The Gospel exists to change your heart and only the Gospel of Christ has the power to do so. You need to hear again and again the words of your Savior such as: “I desire mercy not sacrifice.[v.13] The Lord has indeed been merciful to you, not only in what He has given you materially, but for that blessed forgiveness by which your slate has been wiped clean before God. The Lord desires that mercy reflected in our lives. Matthew did not go back to stealing. Zacchaeus, another tax collector, even repaid people more than he had taken from them. That compassion of God upon your soul is a compassion which you are to bestow upon your fellow man.
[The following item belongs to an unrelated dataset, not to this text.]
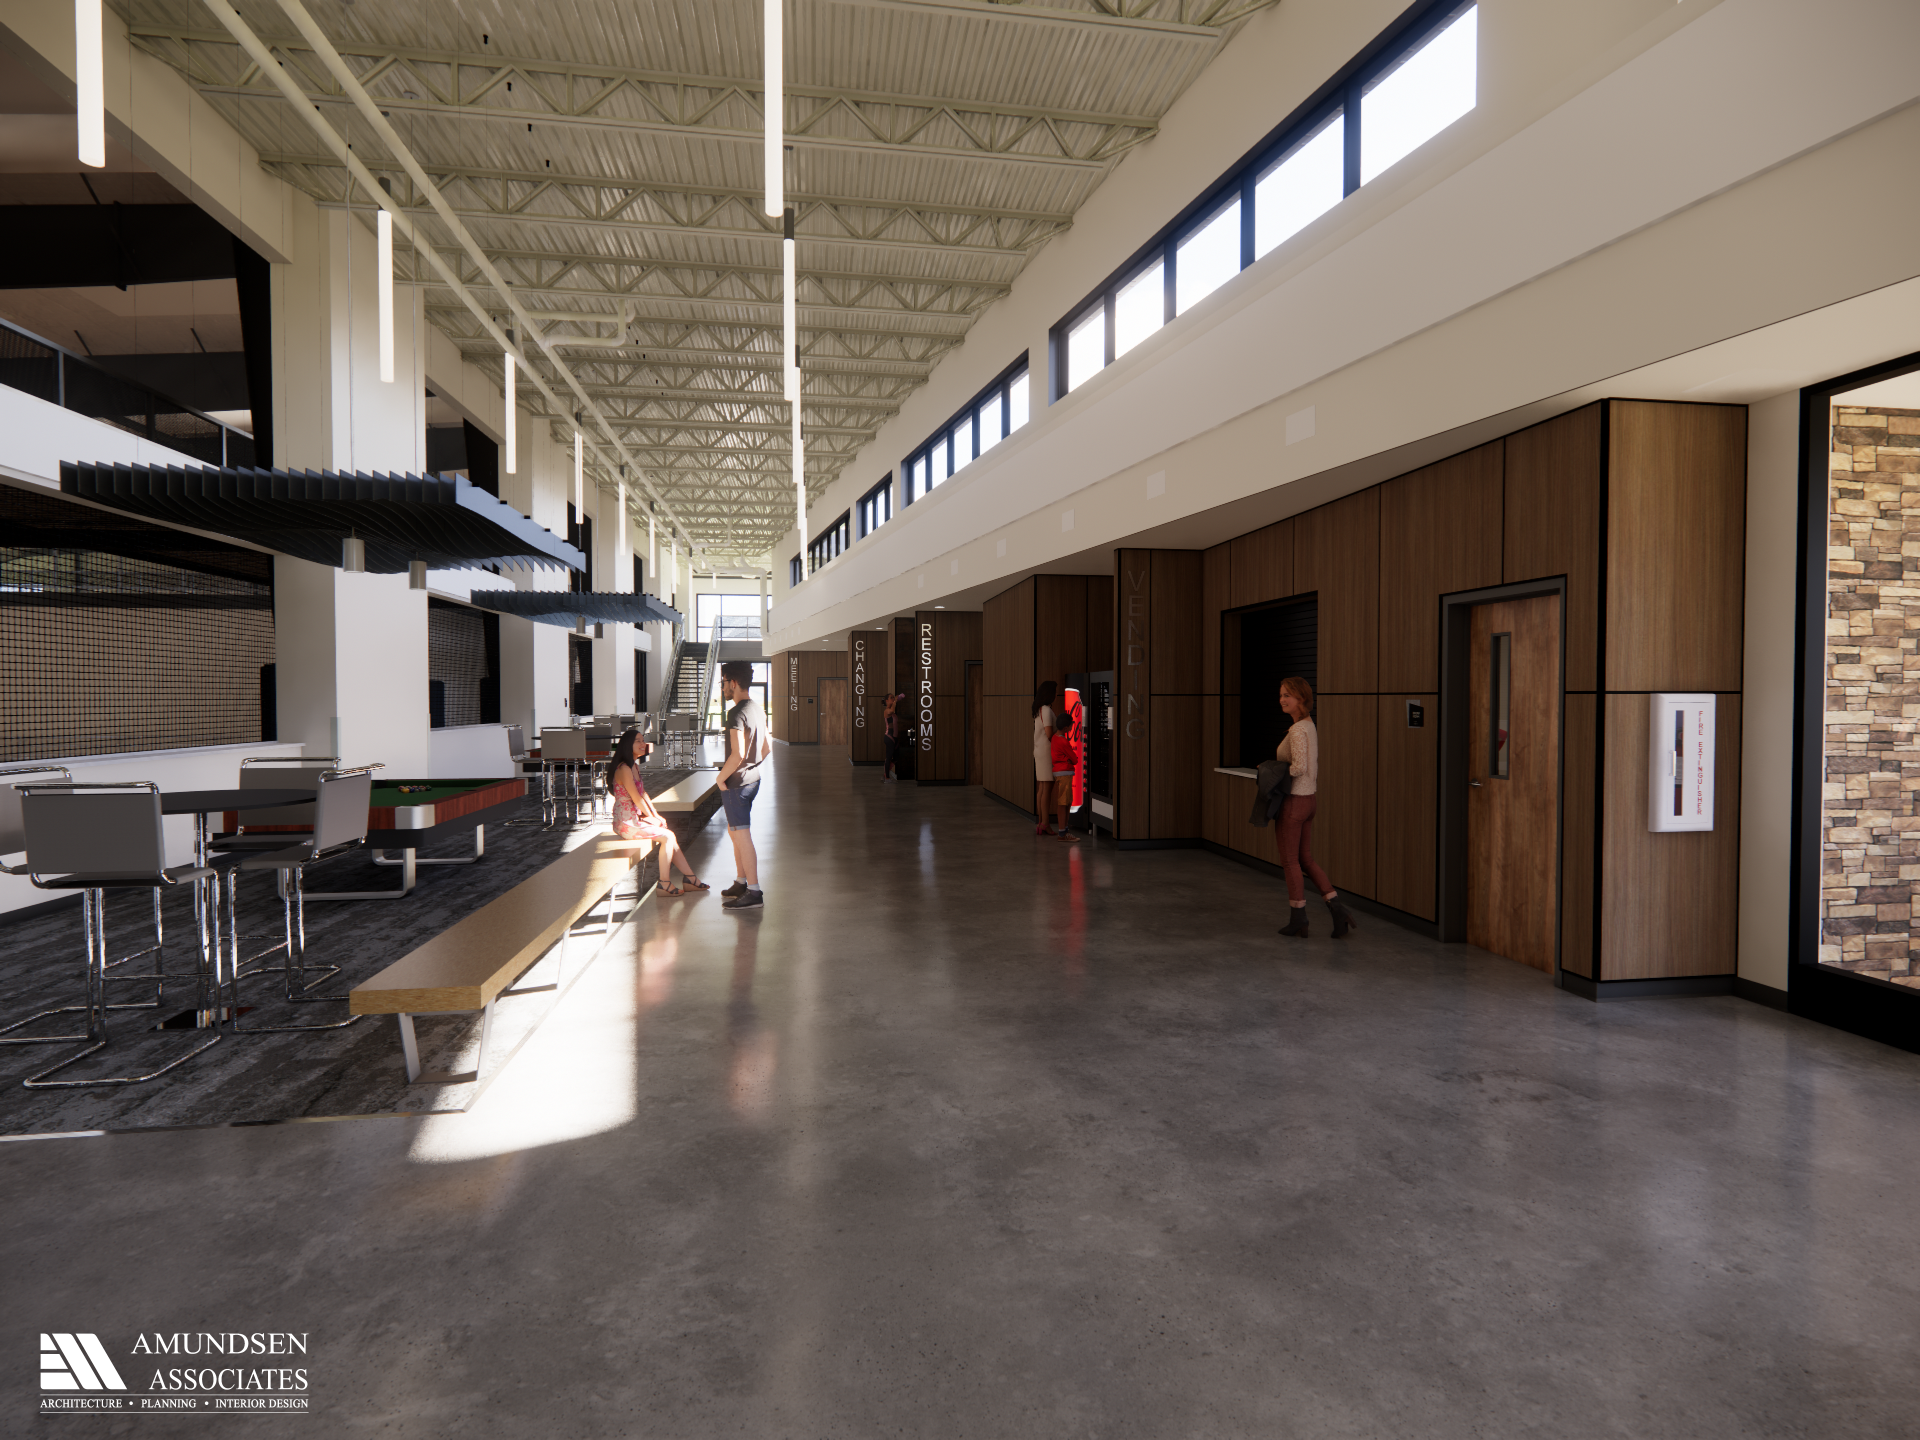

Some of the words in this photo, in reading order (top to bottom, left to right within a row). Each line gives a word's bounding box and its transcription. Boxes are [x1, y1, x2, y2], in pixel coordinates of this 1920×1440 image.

Again, God forbid that our congregation becomes a museum for saints where a shallow form of Christianity is on display. View our church for what it is: a hospital for sinners. You wouldn’t skip a chemotherapy treatment, or put off heart surgery. Your spiritual health is far more important than your physical health. God has the cure for what ails you and that treatment will continue until we leave this earth and are united with God in heaven. Only then does our spiritual sickness end. Amen.